# [WORK REQUEST]
When you write out the listing below, keep each word exactly as it stands and drop the pictures.

# [AVAILABLE DATA]
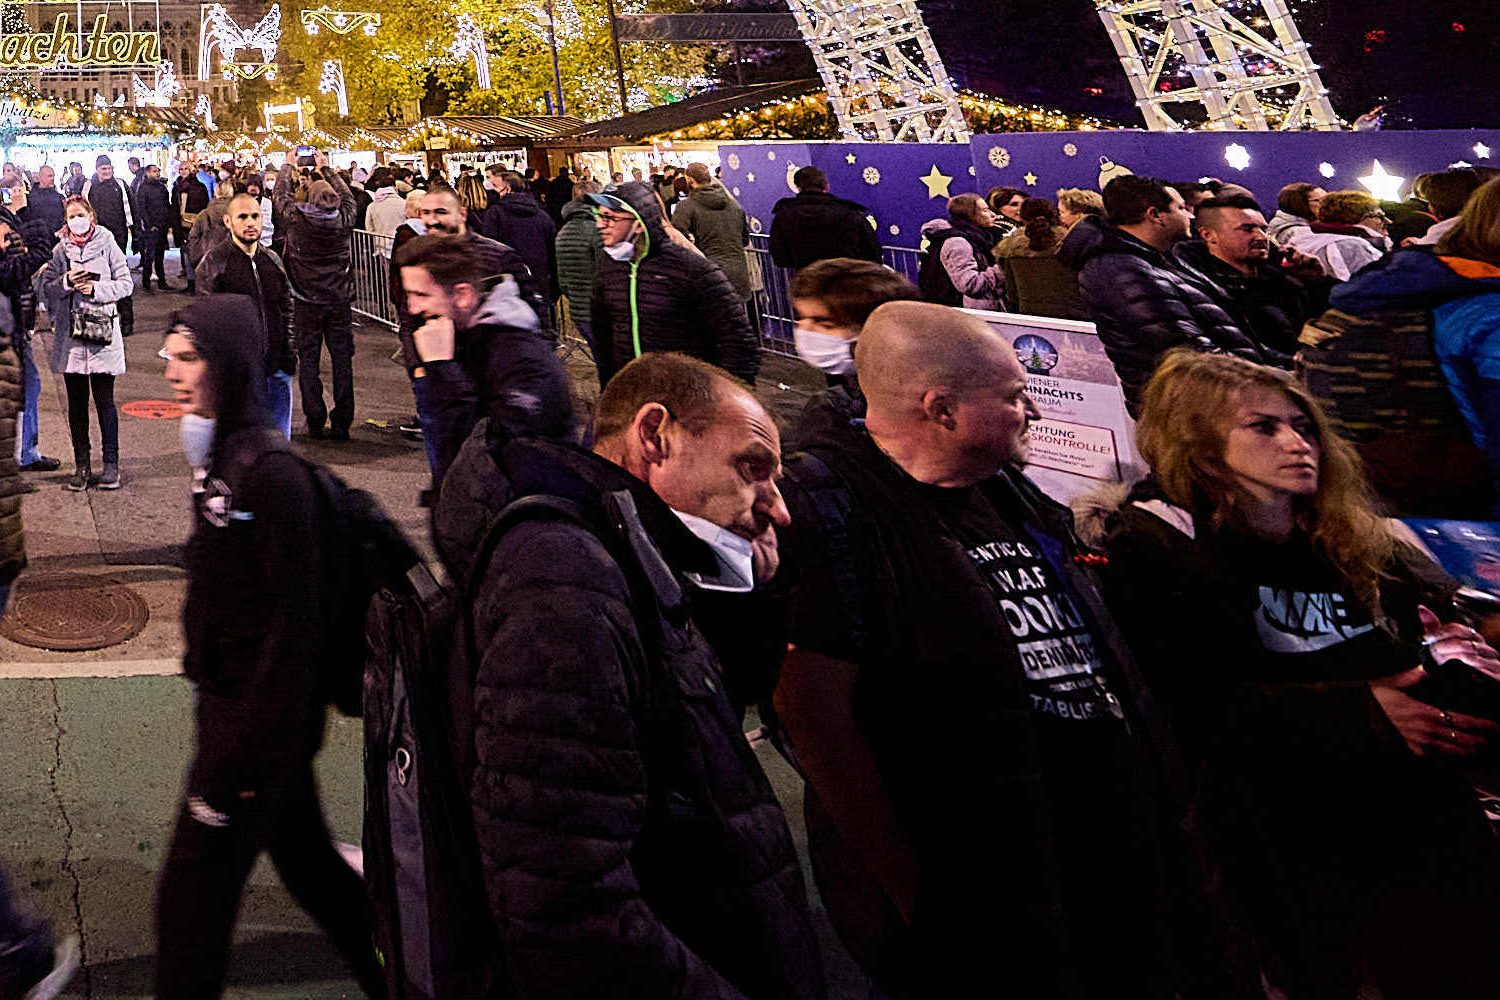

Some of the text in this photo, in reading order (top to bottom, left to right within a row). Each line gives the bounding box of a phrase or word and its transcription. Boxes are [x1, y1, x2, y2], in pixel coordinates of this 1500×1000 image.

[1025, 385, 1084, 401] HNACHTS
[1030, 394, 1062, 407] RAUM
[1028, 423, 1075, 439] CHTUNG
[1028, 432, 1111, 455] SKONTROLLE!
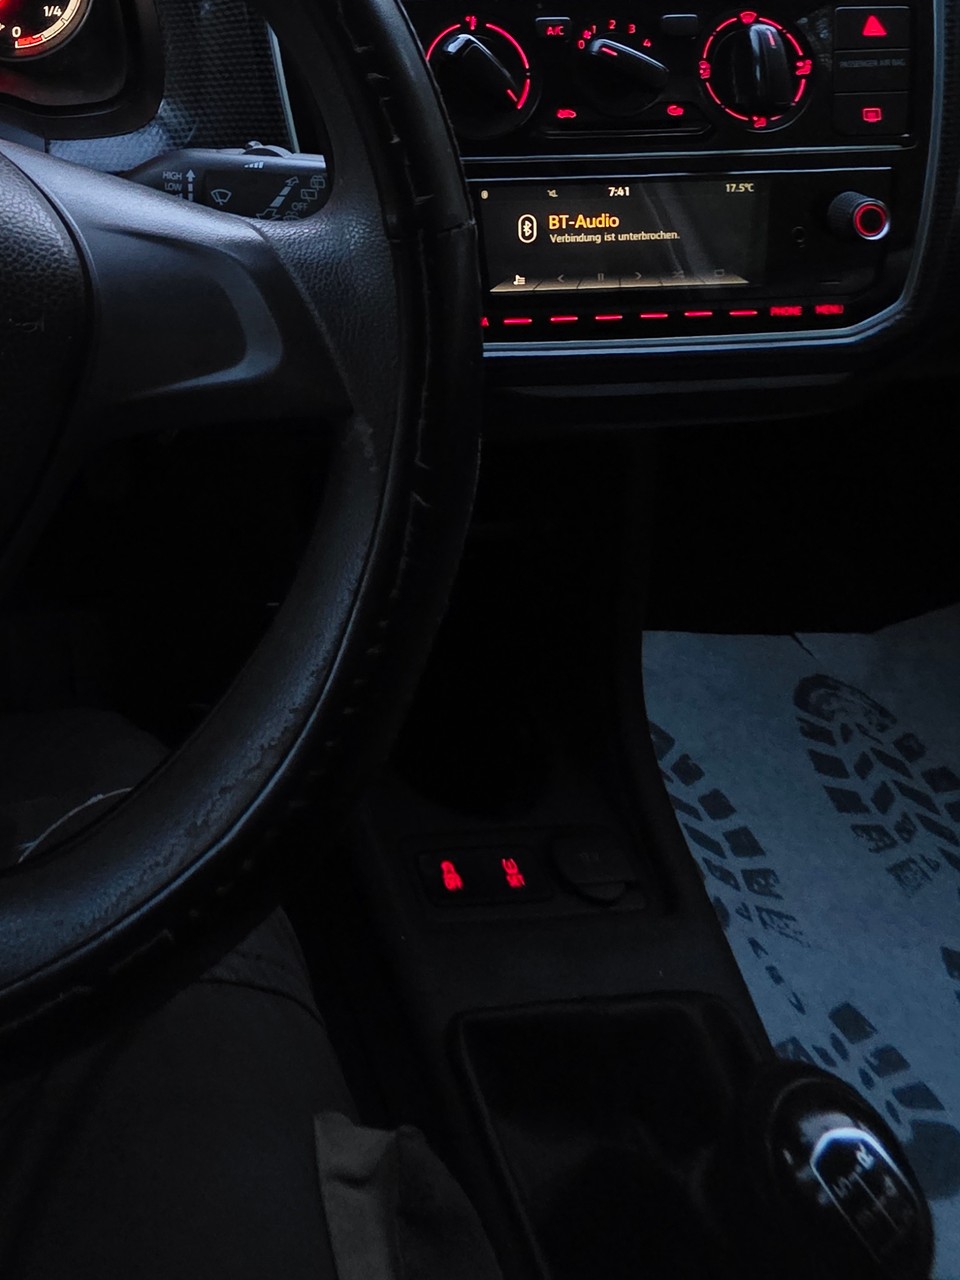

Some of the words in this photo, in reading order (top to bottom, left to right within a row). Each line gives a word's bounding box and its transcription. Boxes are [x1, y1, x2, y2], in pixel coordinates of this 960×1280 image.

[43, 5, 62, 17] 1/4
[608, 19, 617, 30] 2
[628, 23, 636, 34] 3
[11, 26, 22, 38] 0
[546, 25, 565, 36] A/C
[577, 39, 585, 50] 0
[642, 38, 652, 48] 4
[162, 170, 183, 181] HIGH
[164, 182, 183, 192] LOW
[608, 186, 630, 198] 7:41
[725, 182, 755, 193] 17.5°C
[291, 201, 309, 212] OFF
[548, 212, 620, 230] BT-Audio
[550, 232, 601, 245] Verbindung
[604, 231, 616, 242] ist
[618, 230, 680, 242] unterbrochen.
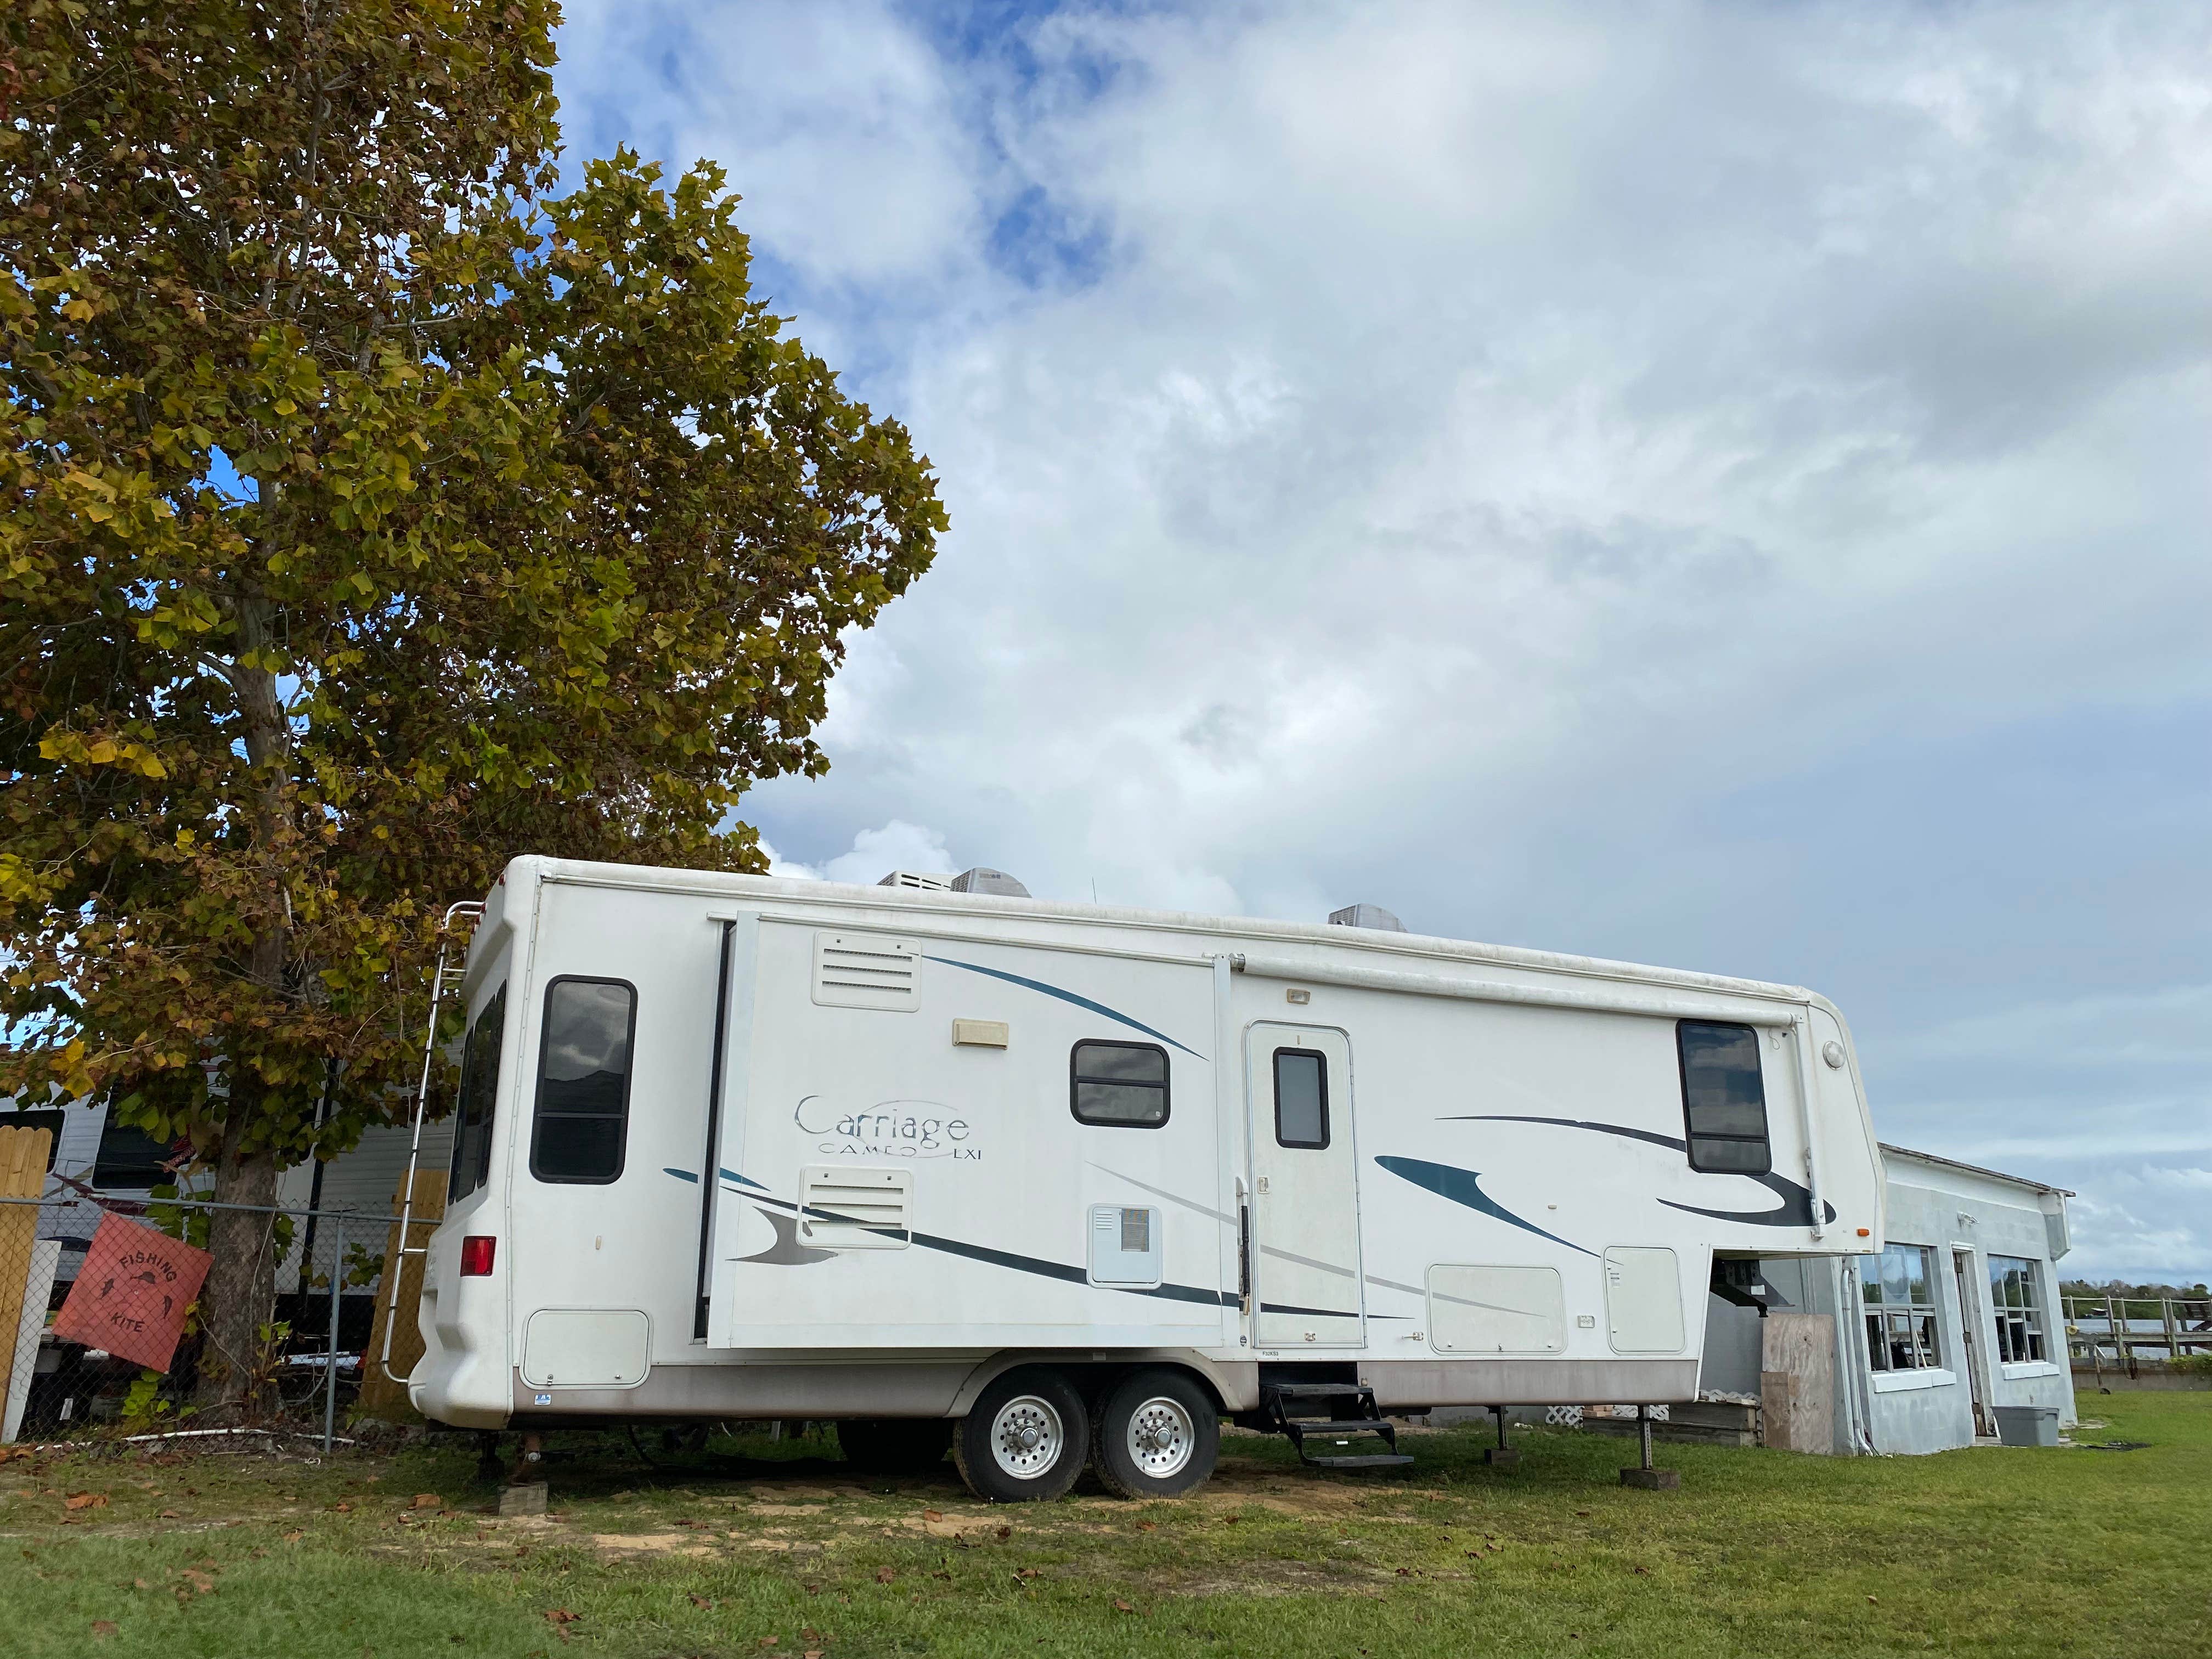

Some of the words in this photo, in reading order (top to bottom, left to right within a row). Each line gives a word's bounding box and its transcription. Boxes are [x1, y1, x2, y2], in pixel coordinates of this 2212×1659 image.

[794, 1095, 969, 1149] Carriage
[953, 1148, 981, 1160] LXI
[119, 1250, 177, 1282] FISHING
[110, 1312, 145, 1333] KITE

# [SOLUTION TO THE PROBLEM]
Some of the text in this photo, in reading order (top to bottom, left to right within a row). Each line gives the bounding box of a phrase or word and its transcription. Boxes are [x1, y1, x2, y2], in pixel coordinates of this 1500×1000 image.

[1025, 385, 1084, 401] HNACHTS
[1030, 394, 1062, 407] RAUM
[1028, 423, 1075, 439] CHTUNG
[1028, 432, 1111, 455] SKONTROLLE!

Some of the words in this photo, in reading order (top to bottom, left to right within a row). Each line gives a word's bounding box and its transcription. Boxes are [x1, y1, x2, y2], in pixel coordinates of this 960×1280 image.

[43, 5, 62, 17] 1/4
[608, 19, 617, 30] 2
[628, 23, 636, 34] 3
[11, 26, 22, 38] 0
[546, 25, 565, 36] A/C
[577, 39, 585, 50] 0
[642, 38, 652, 48] 4
[162, 170, 183, 181] HIGH
[164, 182, 183, 192] LOW
[608, 186, 630, 198] 7:41
[725, 182, 755, 193] 17.5°C
[291, 201, 309, 212] OFF
[548, 212, 620, 230] BT-Audio
[550, 232, 601, 245] Verbindung
[604, 231, 616, 242] ist
[618, 230, 680, 242] unterbrochen.

Some of the words in this photo, in reading order (top to bottom, left to right within a row). Each line gives a word's bounding box and its transcription. Boxes are [x1, y1, x2, y2], in pixel coordinates of this 2212×1659 image.

[794, 1095, 969, 1149] Carriage
[953, 1148, 981, 1160] LXI
[119, 1250, 177, 1282] FISHING
[110, 1312, 145, 1333] KITE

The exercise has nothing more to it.